Additional compounds which may be used as non-aqueous tackifying
agents include liquids and solutions of, for example, polyesters,
polycarbonates, silyl-modified polyamide compounds, polycarbamates,
urethanes, natural resins such as shellac, and the like.
Combinations of any of the aforementioned non-aqueous tackifiers
may be suitable as well.
[0047] Additional details of tackifier emulsions may be found in
U.S. Pat. No. 7,819,192 by Weaver, et al., which is incorporated
herein by reference.
[0048] In some embodiments, the tackifiers may comprise an
aggregating composition which can modify the zeta potential or
aggregation potential of a particulate. Such modifications can
permit any two surfaces (e.g., of particulates, of a particulate
and a substrate, etc.) to have a greater attraction for one
another.
[0049] Aggregating compositions suitable for use in the present
invention include, but are not limited to, a reaction product of an
amine and a phosphate ester, where the aggregating composition is
designed to coat a surface with the reaction product to change the
zeta potential or aggregation potential of the surface. Suitable
aggregating compositions and their methods of use can be found in
U.S. Pat. No. 7,392,847 by Gatlin, et al., and U.S. Pat. No.
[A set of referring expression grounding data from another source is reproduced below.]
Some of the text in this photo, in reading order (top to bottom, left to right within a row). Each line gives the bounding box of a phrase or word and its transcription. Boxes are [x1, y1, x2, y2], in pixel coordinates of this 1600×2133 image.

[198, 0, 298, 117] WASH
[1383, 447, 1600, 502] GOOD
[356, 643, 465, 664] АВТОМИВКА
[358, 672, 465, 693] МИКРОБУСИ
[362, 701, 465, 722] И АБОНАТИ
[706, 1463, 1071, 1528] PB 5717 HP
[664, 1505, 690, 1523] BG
7,956,017 by Gatlin, et al., the entire disclosures of which are
hereby incorporated by reference.
[0050] Proppant particulates suitable for use in the present
invention may comprise any material suitable for use in
subterranean operations. Suitable materials for these proppant
particulates include, but are not limited to, sand, bauxite,
ceramic materials, glass materials, polymer materials,
polytetrafluoroethylene materials, nut shell pieces, cured resinous
particulates comprising nut shell pieces, seed shell pieces, cured
resinous particulates comprising seed shell pieces, fruit pit
pieces, cured resinous particulates comprising fruit pit pieces,
wood, composite particulates, and combinations thereof. Suitable
composite particulates may comprise a binder and a filler material
wherein suitable filler materials include silica, alumina, fumed
carbon, carbon black, graphite, mica, titanium dioxide, barite,
meta-silicate, calcium silicate, kaolin, talc, zirconia, boron, fly
ash, hollow glass microspheres, solid glass, and combinations
thereof. Suitable proppant particles for use in conjunction with
the present invention may be any known shape of material, including
substantially spherical materials, fibrous materials, polygonal
materials (such as cubic materials), and combinations thereof.
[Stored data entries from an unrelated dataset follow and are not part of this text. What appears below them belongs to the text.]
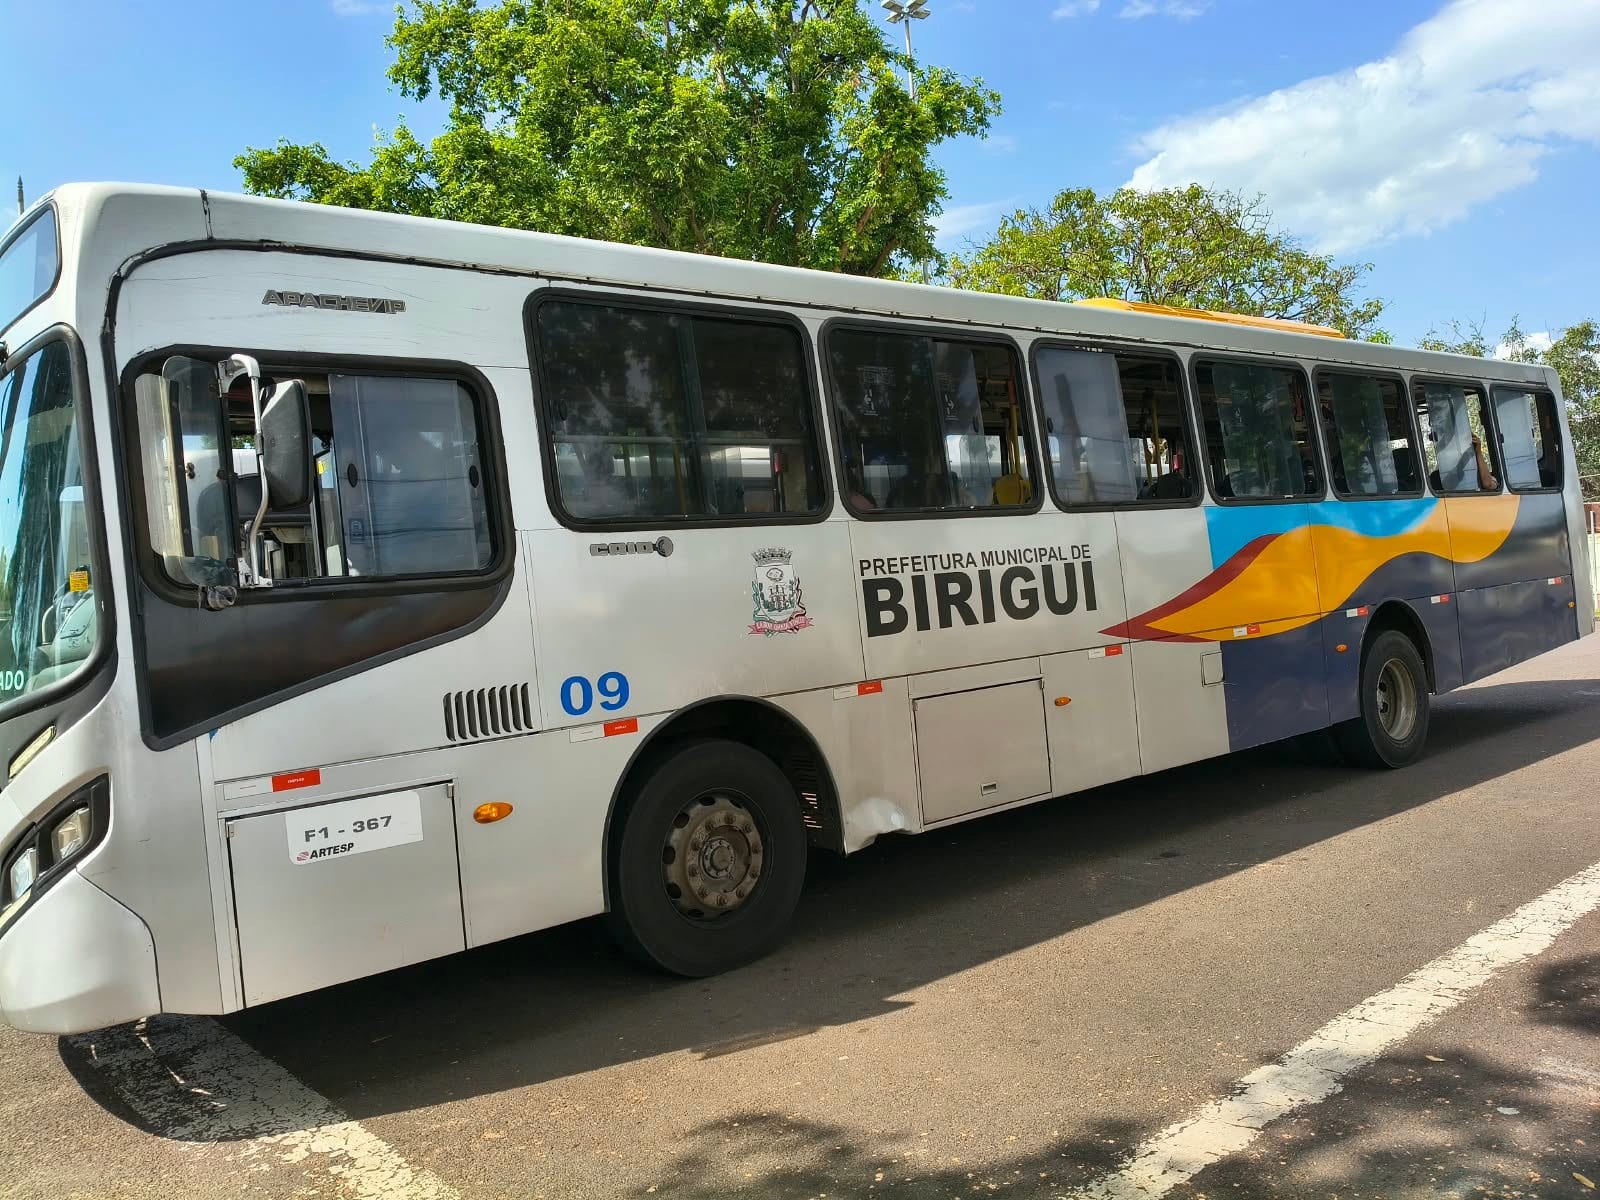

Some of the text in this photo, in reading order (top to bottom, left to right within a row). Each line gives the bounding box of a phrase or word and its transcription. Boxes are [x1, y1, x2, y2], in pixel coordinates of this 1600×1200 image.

[859, 544, 1091, 576] PREFEITURA MUNICIPAL DE
[862, 560, 1097, 638] BIRIGUI
[560, 671, 629, 716] 09
[304, 825, 330, 842] F1
[352, 815, 392, 834] 367
[309, 842, 354, 860] ARTESP
Moreover, fibrous materials, that may or may not be used to bear
the pressure of a closed fracture, may be included in certain
embodiments of the present invention.
[0051] In some embodiments, proppant particles may be present in a
treatment fluid for use in the present invention in an amount in
the range of from about 0.1 pounds per gallon ("ppg") to about 15
ppg by volume of the treatment fluid.
[0052] In some embodiments, proppant particles may comprise
degradable materials. Degradable materials may include, but not be
limited to, dissolvable materials, materials that deform or melt
upon heating such as thermoplastic materials, hydrolytically
degradable materials, materials degradable by exposure to
radiation, materials reactive to acidic fluids, or any combination
thereof. In some embodiments, degradable materials may be degraded
by temperature, presence of moisture, oxygen, microorganisms,
enzymes, pH, free radicals, and the like. In some embodiments,
degradation may be initiated in a subsequent treatment fluid
introduced into the subterranean formation at some time when
diverting is no longer necessary. In some embodiments, degradation
may be initiated by a delayed-release acid, such as an
acid-releasing degradable material or an encapsulated acid, and
this may be included in the treatment fluid comprising the
degradable material so as to reduce the pH of the treatment fluid
at a desired time, for example, after introduction of the treatment
fluid into the subterranean formation.
[0053] In choosing the appropriate degradable material, one should
consider the degradation products that will result. Also, these
degradation products should not adversely affect other operations
or components. For example, a boric acid derivative may not be
included as a degradable material in the well drill-in and
servicing fluids of the present invention where such fluids use
guar as the viscosifier, because boric acid and guar are generally
incompatible. One of ordinary skill in the art, with the benefit of
this disclosure, will be able to recognize when potential
components of a treatment fluid of the present invention would be
incompatible or would produce degradation products that would
adversely affect other operations or components.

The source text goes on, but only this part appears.